Modeling COVID-19 spread using multi-agent simulation with small-world network approach

Abstract

Abstract Background The rapid global spread of COVID-19 has seriously impacted people’s daily lives and the social economy while also posing a threat to their lives. The analysis of infectious disease transmission is of significant importance for the rational allocation of epidemic prevention and control resources, the management of public health emergencies, and the improvement of future public health systems. Methods We propose a spatiotemporal COVID-19 transmission model with a neighborhood as an agent unit and an urban spatial network with long and short edge connections.

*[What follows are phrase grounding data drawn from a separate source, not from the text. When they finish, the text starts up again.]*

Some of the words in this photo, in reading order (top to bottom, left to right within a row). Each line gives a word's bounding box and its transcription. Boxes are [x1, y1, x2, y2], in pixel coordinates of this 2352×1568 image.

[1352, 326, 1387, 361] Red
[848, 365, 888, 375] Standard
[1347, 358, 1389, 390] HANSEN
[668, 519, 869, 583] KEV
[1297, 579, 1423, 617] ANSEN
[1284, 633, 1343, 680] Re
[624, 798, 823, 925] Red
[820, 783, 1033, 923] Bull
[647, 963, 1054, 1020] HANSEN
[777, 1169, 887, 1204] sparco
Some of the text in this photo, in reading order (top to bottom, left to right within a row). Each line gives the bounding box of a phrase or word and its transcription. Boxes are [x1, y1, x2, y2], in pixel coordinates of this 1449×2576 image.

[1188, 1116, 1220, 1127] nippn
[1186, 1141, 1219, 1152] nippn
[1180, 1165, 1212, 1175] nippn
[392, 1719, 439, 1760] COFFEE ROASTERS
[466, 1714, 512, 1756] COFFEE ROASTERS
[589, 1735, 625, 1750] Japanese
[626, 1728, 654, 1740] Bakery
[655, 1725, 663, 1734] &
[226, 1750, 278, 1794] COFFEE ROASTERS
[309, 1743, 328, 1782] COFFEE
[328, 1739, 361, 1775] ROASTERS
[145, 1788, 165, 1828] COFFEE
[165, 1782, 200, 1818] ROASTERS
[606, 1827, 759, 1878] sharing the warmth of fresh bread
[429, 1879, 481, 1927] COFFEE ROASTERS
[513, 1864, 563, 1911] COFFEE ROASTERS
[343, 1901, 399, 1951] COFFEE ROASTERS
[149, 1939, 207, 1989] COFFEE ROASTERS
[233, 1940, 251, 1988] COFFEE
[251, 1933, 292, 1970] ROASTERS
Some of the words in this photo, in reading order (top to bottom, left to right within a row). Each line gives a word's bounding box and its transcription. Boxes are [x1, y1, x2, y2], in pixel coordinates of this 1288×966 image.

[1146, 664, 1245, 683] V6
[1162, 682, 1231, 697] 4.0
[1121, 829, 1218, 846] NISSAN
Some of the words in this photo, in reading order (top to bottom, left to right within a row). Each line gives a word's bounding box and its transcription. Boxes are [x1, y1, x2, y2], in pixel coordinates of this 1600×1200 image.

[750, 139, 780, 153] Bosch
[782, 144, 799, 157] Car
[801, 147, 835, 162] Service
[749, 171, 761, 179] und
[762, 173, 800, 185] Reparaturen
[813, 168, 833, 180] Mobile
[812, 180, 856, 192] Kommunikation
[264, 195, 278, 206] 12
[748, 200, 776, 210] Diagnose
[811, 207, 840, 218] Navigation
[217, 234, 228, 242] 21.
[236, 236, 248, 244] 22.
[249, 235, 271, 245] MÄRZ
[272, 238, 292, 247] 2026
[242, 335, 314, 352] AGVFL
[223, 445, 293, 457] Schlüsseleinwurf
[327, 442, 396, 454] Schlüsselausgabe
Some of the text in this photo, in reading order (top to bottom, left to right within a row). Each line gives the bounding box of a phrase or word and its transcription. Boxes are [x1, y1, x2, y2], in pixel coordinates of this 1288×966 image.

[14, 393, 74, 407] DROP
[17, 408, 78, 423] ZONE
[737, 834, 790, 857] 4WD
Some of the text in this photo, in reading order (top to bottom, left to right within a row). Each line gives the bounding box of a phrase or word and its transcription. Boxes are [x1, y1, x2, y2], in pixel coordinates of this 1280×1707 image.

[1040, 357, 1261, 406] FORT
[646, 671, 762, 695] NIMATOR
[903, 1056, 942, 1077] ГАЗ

The spreading model includes a network of defined agent attributes, transformation rules, and social relations and a small world network representing agents’ social relations. Parameters for each stage are fitted by the Runge-Kutta method combined with the SEIR model. Using the NetLogo development platform, accurate dynamic simulations of the spatial and temporal evolution of the early epidemic were achieved. Results Experimental results demonstrate that the fitted curves from the four stages agree with actual data, with only a 12.27% difference between the average number of infected agents and the actual number of infected agents after simulating 1 hundred times. Additionally, the model simulates and compares different “city closure” scenarios. The results showed that implementing a ‘lockdown’ 10 days earlier would lead to the peak number of infections occurring 7 days earlier than in the normal scenario, with a reduction of 40.35% in the total number of infections. Discussion Our methodology emphasizes the crucial role of timely epidemic interventions in curbing the spread of infectious diseases, notably in the predictive assessment and evaluation of lockdown strategies. Furthermore, this approach adeptly forecasts the influence of varying intervention timings on peak infection rates and total case numbers, accurately reflecting real-world virus transmission patterns. This highlights the importance of proactive measures in diminishing epidemic impacts. It furnishes a robust framework, empowering policymakers to refine epidemic response strategies based on a synthesis of predictive modeling and empirical data.